• **EXERCISE**:
Will you output all of the data below exactly, omitting the images?

Free-text object descriptions
• • • •

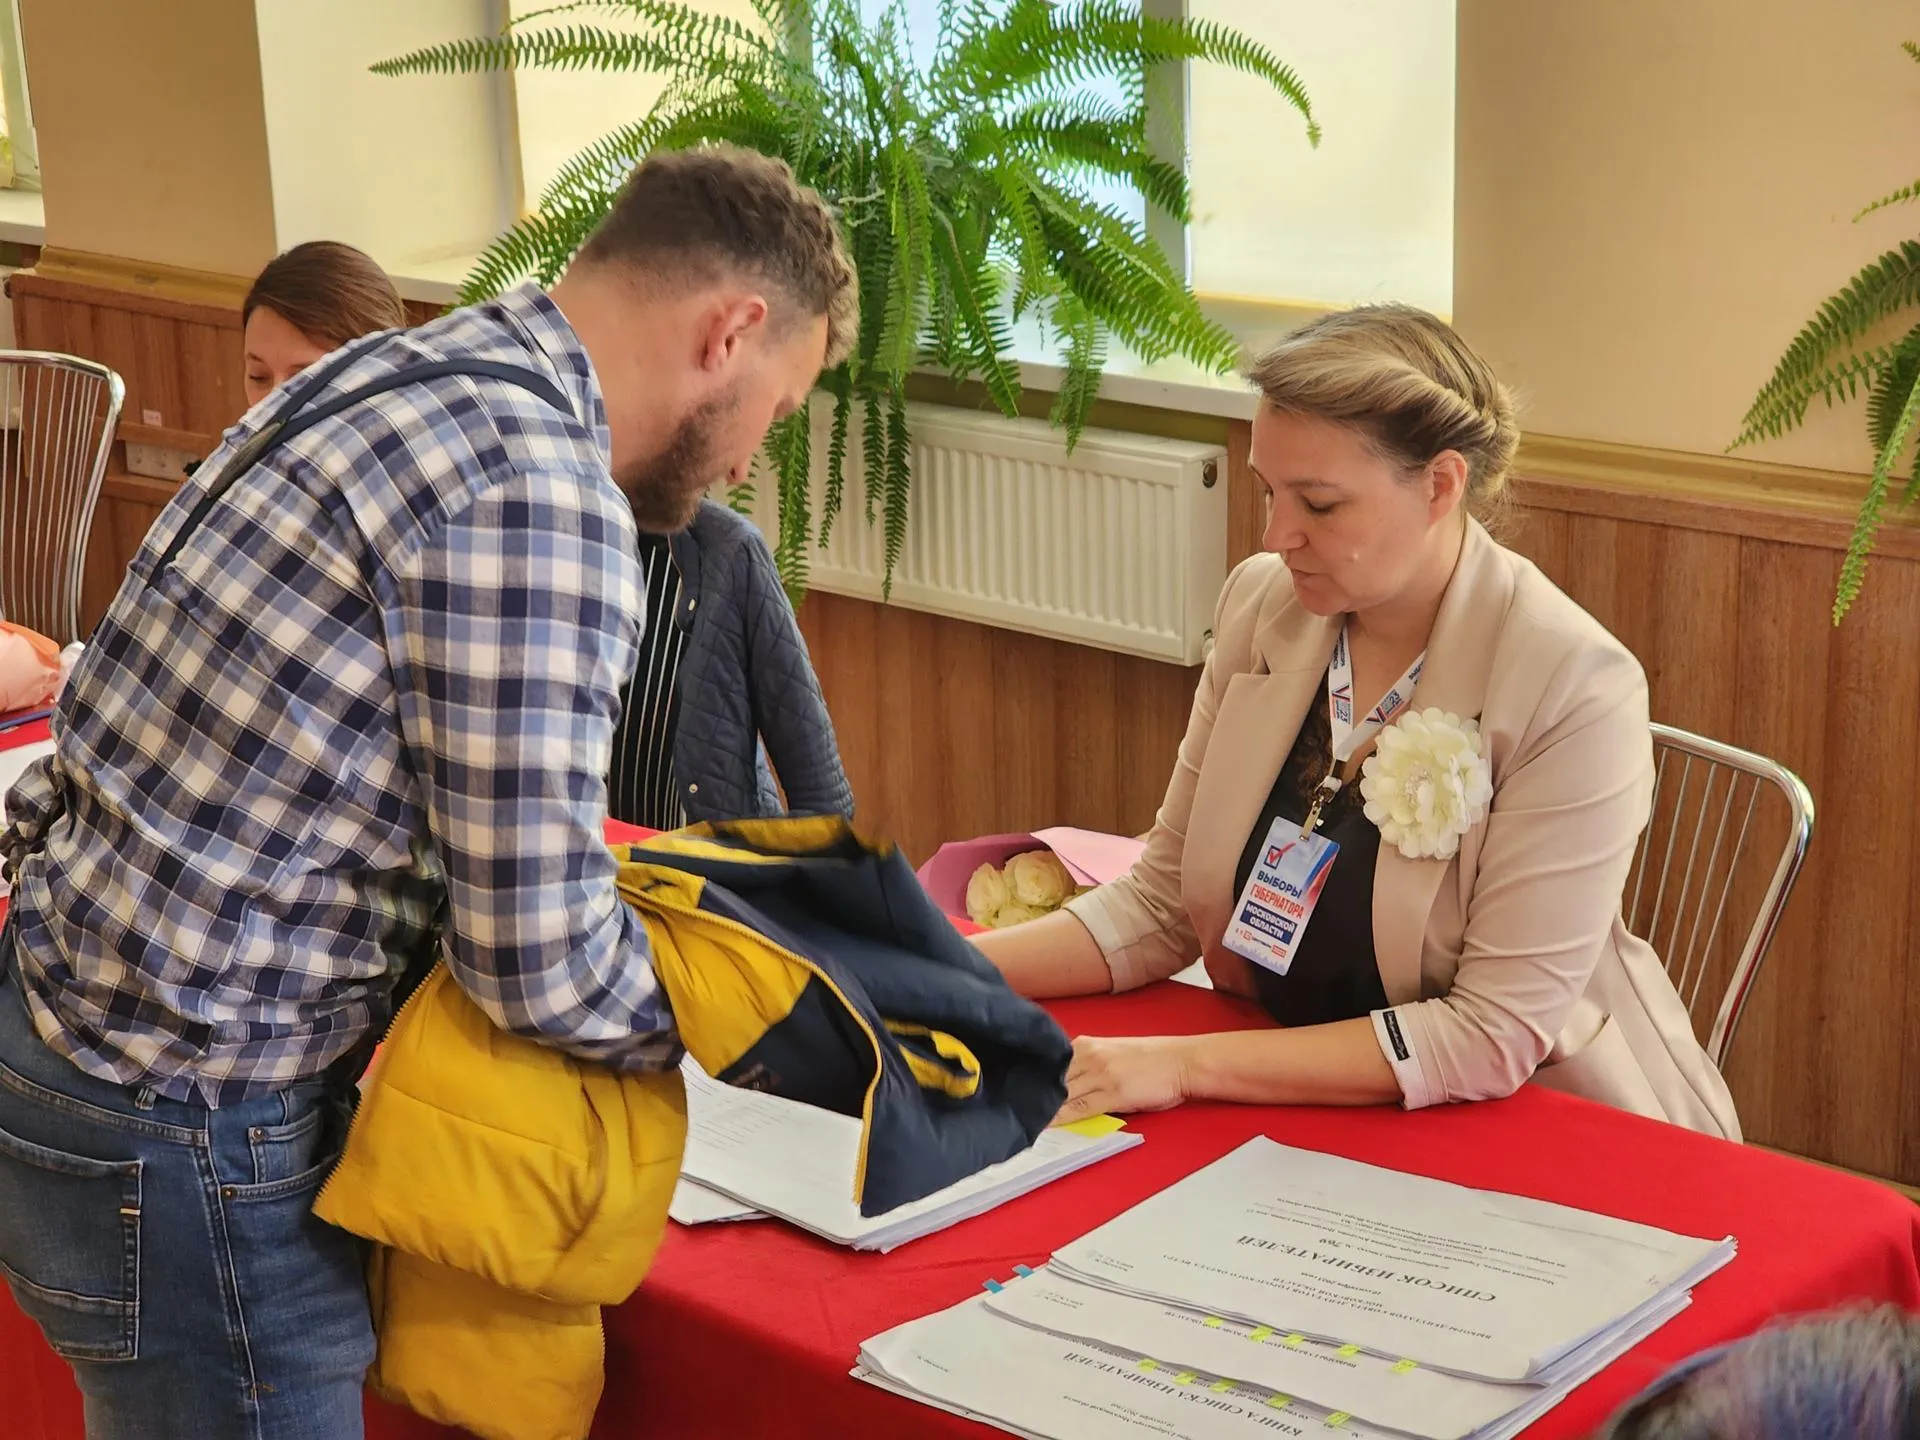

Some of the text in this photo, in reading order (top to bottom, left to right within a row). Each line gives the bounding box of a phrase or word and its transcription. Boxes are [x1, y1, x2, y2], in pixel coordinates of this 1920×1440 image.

[1257, 871, 1302, 900] ВЫБОРЫ
[1250, 883, 1304, 919] ГУБЕРНАТОРА
[1246, 903, 1298, 934] МОСКОВСКОЙ
[1249, 918, 1284, 940] ОБЛАСТИ
[1231, 1234, 1397, 1280] ИЗБИРАТЕЛЕЙ
[1393, 1273, 1499, 1302] СПИСОК
[1060, 1351, 1177, 1395] ИЗБИРАТЕЛЕЙ
[1173, 1390, 1246, 1415] СПИСКА
[1241, 1410, 1304, 1437] КНИГА

• • • •

• **TASK OUTPUT**:
Some of the text in this photo, in reading order (top to bottom, left to right within a row). Each line gives the bounding box of a phrase or word and its transcription. Boxes are [x1, y1, x2, y2], in pixel coordinates of this 1920×1440 image.

[1257, 871, 1302, 900] ВЫБОРЫ
[1250, 883, 1304, 919] ГУБЕРНАТОРА
[1246, 903, 1298, 934] МОСКОВСКОЙ
[1249, 918, 1284, 940] ОБЛАСТИ
[1231, 1234, 1397, 1280] ИЗБИРАТЕЛЕЙ
[1393, 1273, 1499, 1302] СПИСОК
[1060, 1351, 1177, 1395] ИЗБИРАТЕЛЕЙ
[1173, 1390, 1246, 1415] СПИСКА
[1241, 1410, 1304, 1437] КНИГА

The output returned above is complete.